*** Begin section ***

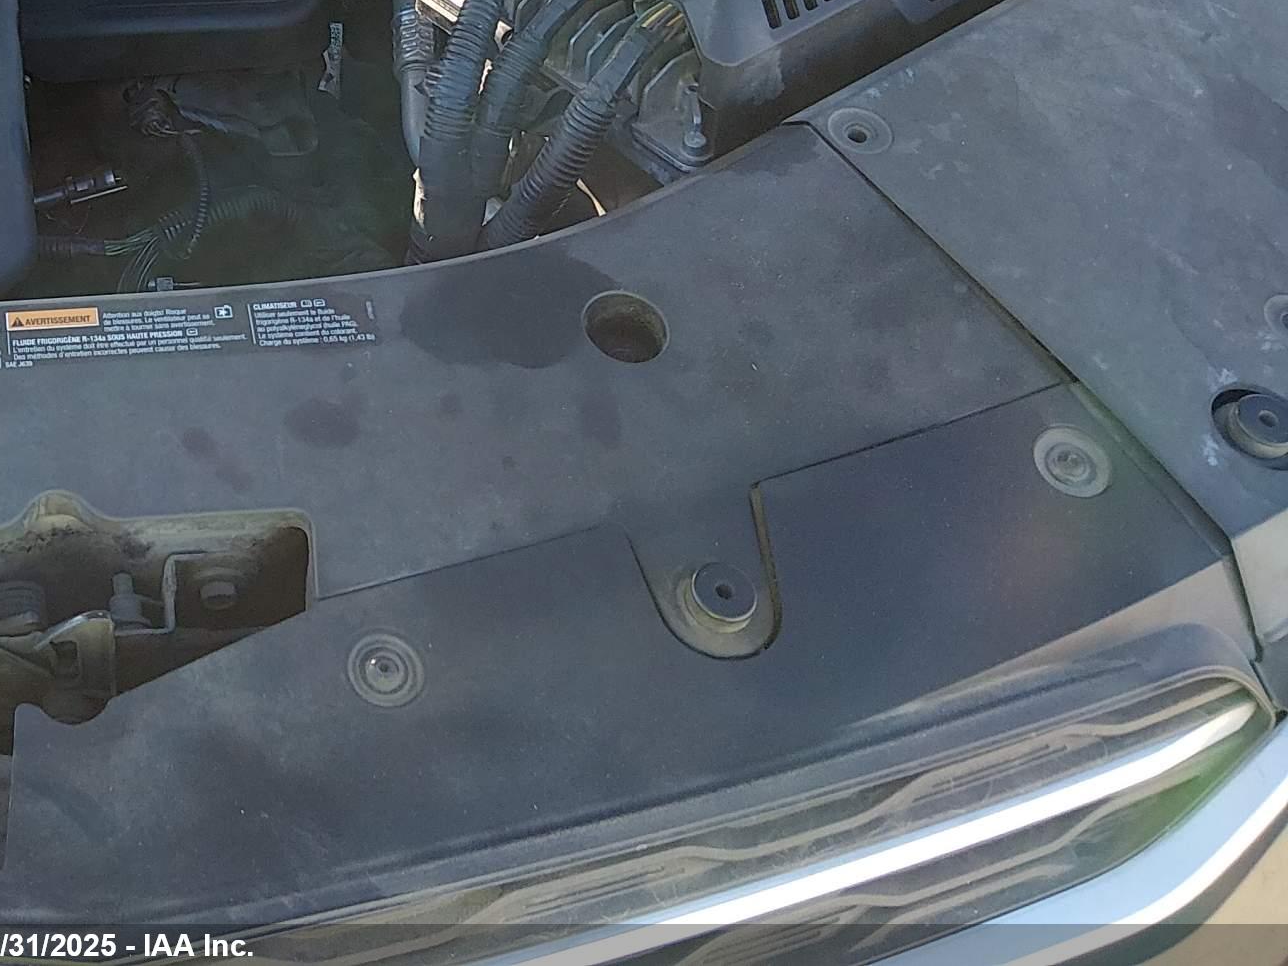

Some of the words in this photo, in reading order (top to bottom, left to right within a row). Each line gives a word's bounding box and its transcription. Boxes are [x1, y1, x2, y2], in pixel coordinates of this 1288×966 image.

[253, 301, 297, 311] CLIMATISEUR
[25, 315, 91, 326] AVERTISSEMENT
[12, 337, 37, 346] FLUIDE
[37, 334, 82, 345] FRIGORIGÈNE
[82, 335, 106, 343] R-134a
[107, 333, 126, 341] SOUS
[126, 331, 149, 340] HAUTE
[149, 330, 183, 339] PRESSION
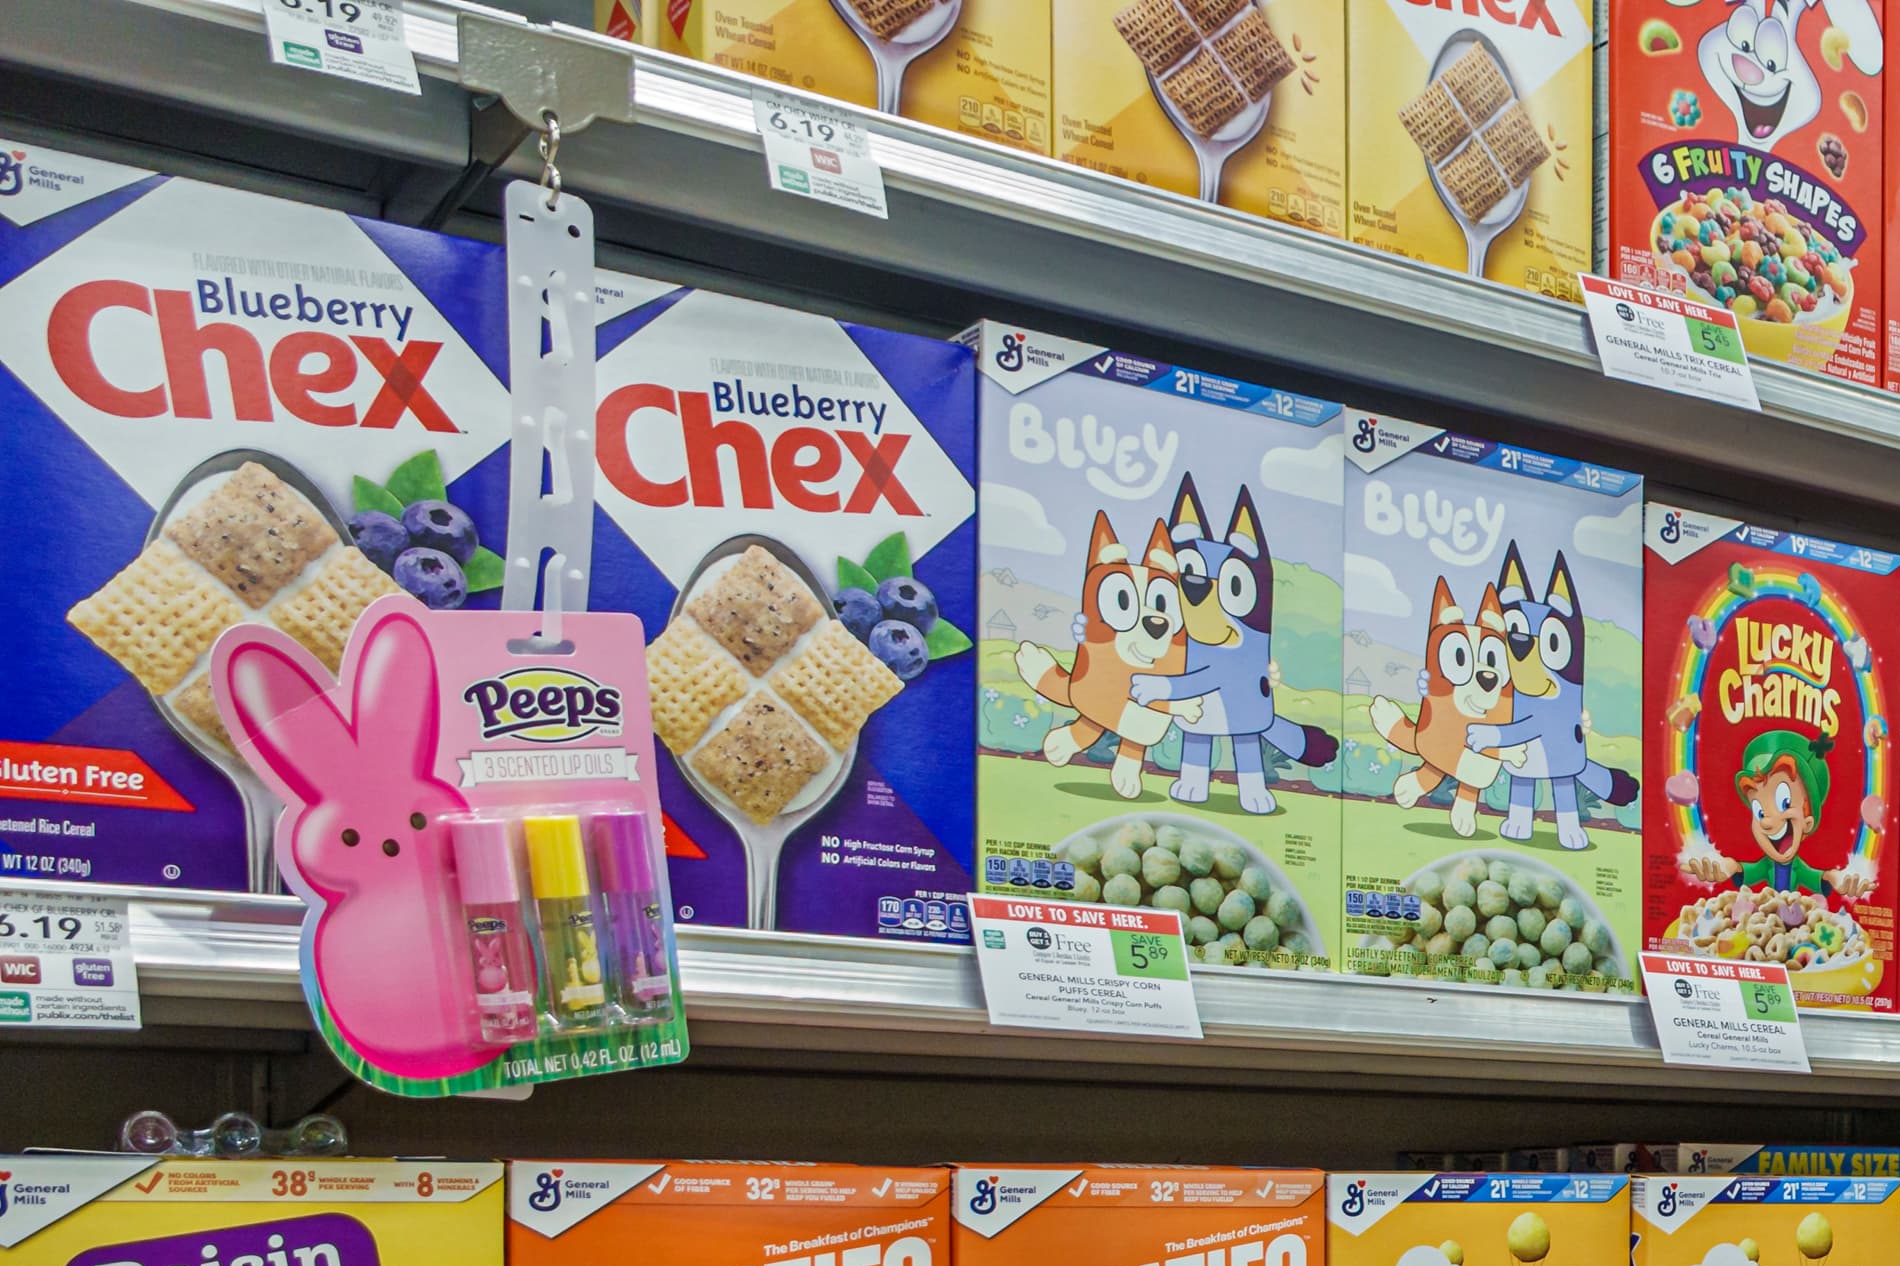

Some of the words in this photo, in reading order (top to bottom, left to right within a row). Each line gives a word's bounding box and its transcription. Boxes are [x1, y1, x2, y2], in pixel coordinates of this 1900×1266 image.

*** End section ***

Exercise:
A faithful, picture-free copy of the material is what this task asks for.

Exercise output:
Some of the words in this photo, in reading order (top to bottom, left to right within a row). Each line gives a word's bounding box and its transcription. Boxes are [x1, y1, x2, y2], in pixel coordinates of this 1288×966 image.

[253, 301, 297, 311] CLIMATISEUR
[25, 315, 91, 326] AVERTISSEMENT
[12, 337, 37, 346] FLUIDE
[37, 334, 82, 345] FRIGORIGÈNE
[82, 335, 106, 343] R-134a
[107, 333, 126, 341] SOUS
[126, 331, 149, 340] HAUTE
[149, 330, 183, 339] PRESSION

Some of the words in this photo, in reading order (top to bottom, left to right within a row). Each line gives a word's bounding box and its transcription. Boxes are [x1, y1, x2, y2], in pixel coordinates of this 1900×1266 image.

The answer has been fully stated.